Matt Dunham/Associated Press

Once this was known as a visit from the “men in gray suits,” a phrase dating from an age when all key power brokers were men. In those days, when a group known as the “magic circle” chose the Conservative Party leader, such bigwigs could withdraw support, too, and ask the prime minister to resign. Nowadays things aren’t quite like that, but leaders can still be persuaded to depart on their own terms and keep a measure of dignity, or risk being booted out unceremoniously.

Mrs. May resigned in 2019, a few months after surviving a leadership challenge vote, when it was clear that her support within the party had ebbed so much that her position was hopeless. Similar pressure, accompanied by ministerial resignations, was used to evict Tony Blair, the Labour Party prime minister, from Downing Street in 2007.

Timing a coup is never easy. Critics are unlikely to force a confidence vote until they think Mr. Johnson is so damaged that he could lose. That tipping point may be near but, critically, there is no consensus on who would replace Mr. Johnson and therefore no single cabal orchestrating a challenge.

Mr. Sunak is the front-runner and Liz Truss, the foreign secretary, is a leading contender, but several others would be likely to run. They all need to be careful. In the past, ambitious rivals have suffered from being seen as disloyal to the prime minister and failed to win the crown (though not Mr. Johnson, who opposed Mrs.
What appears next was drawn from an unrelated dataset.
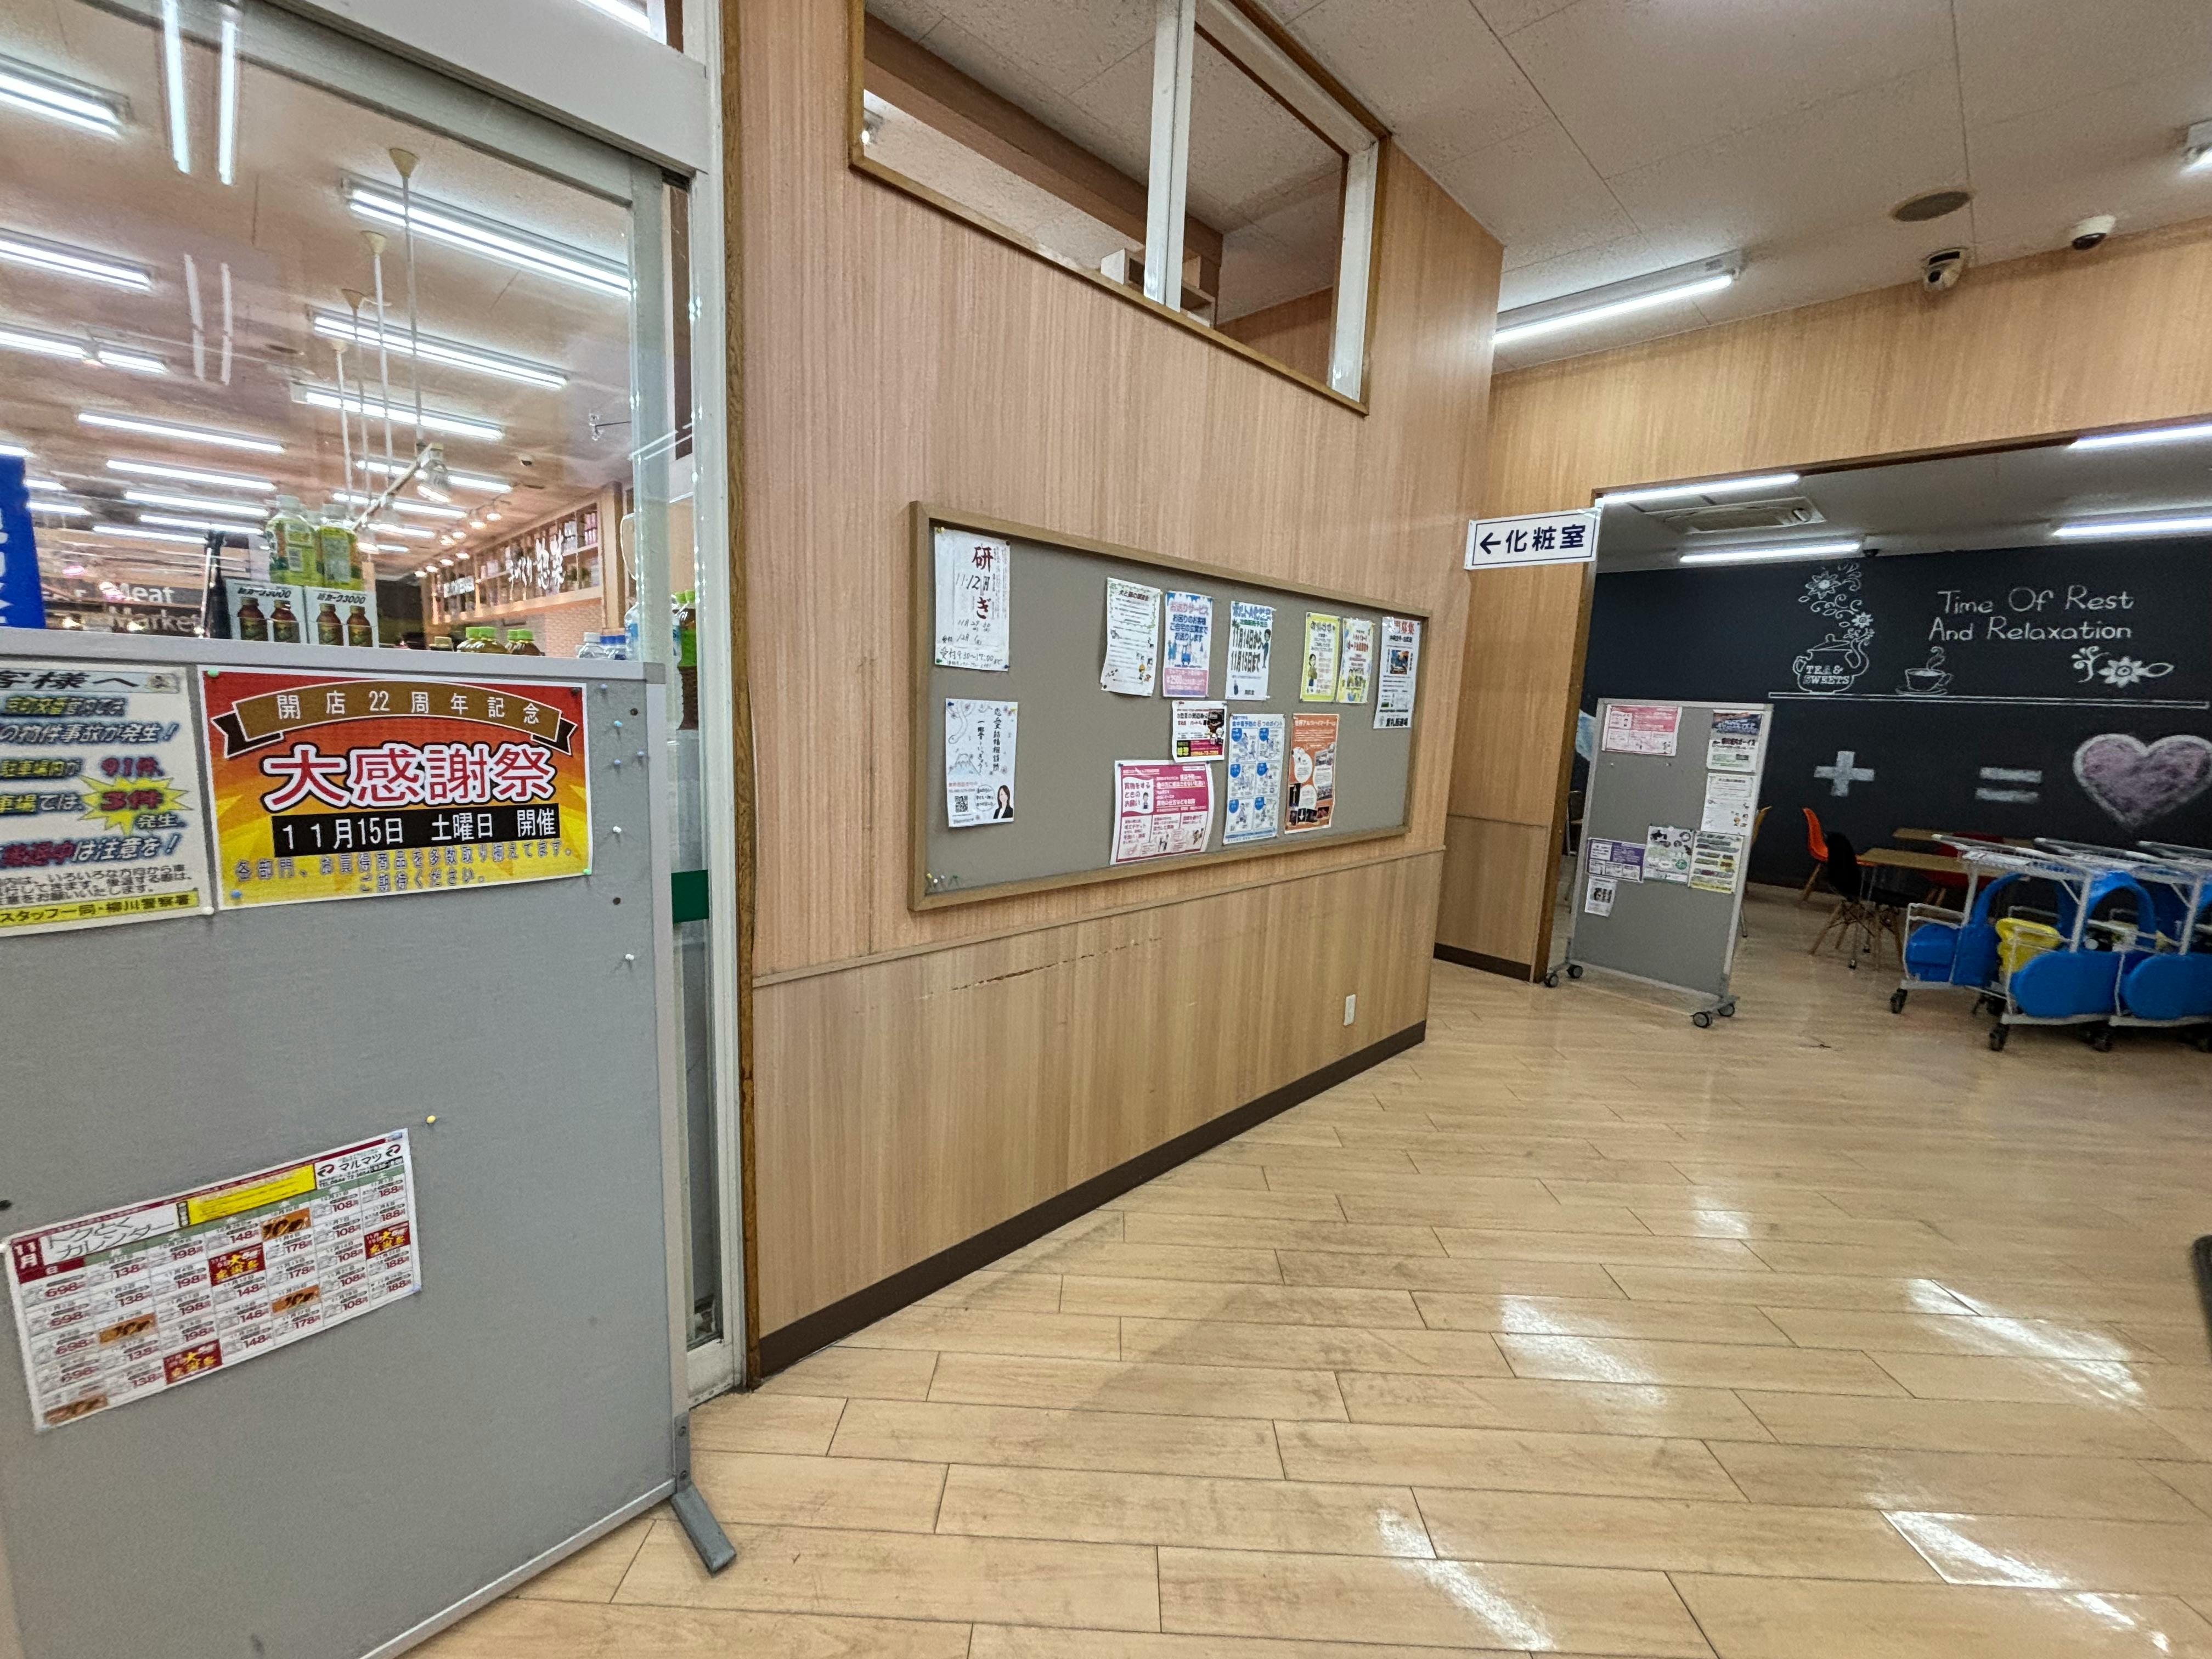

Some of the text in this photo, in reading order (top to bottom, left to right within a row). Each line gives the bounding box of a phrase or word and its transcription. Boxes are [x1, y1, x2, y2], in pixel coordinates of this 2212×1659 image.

May and then succeeded her).

For most Conservative lawmakers the question is whether a change would help them. None of his potential successors have shown they can match the appeal he demonstrated in leading the party to a landslide victory in 2019.

Most Conservative lawmakers seem to be waiting for Ms. Gray’s internal inquiry before deciding which way to jump. Despite her reputation for independence, she is in a rare and awkward position — an unelected civil servant compiling a report that could prove terminal for her elected boss. So some analysts expect her to restrict her findings to facts she establishes without making a direct judgment on Mr. Johnson’s conduct.

Pool photo by Adrian Dennis

Escaping scrapes is one of the prime minister’s defining skills. A Conservative former prime minister, David Cameron, once described Mr. Johnson as the “greased piglet” of politics: His career has contained no shortage of dismissals and humiliations, each so far followed by a greater triumph.

To slip out of this tight corner, Mr. Johnson needs to avert cabinet resignations and prevent a rush of letters demanding a no-confidence vote. He will then hope that Ms. Gray’s report is diplomatic enough for him to survive, albeit after another apology and a purge of his top team. He could please his party’s lawmakers by ending all coronavirus restrictions later this month, giving him more breathing space.

Aside from the crisis over Downing Street parties, things look sticky for the government. Energy bills are soaring, inflation is spiking and interest rates have risen at a time when Mr. Johnson is just about to raise taxes. The opposition Labour Party has gained traction with its complaints about a “cost of living squeeze.”

Mr. Johnson’s enemies are circling and Mr. Sunak and Ms. Truss are maneuvering. In May the Conservatives face local elections which will test Mr. Johnson’s popularity. Opinion polls show a collapse of support for him personally and suggest that he is now dragging his party down. One recent survey put the Conservatives 10 points behind Labour, its worst showing in eight years.

Mr. Johnson became prime minister in 2019 because his party correctly judged that he would win them a general election. If it concludes that he will lose them the next one, his days are numbered.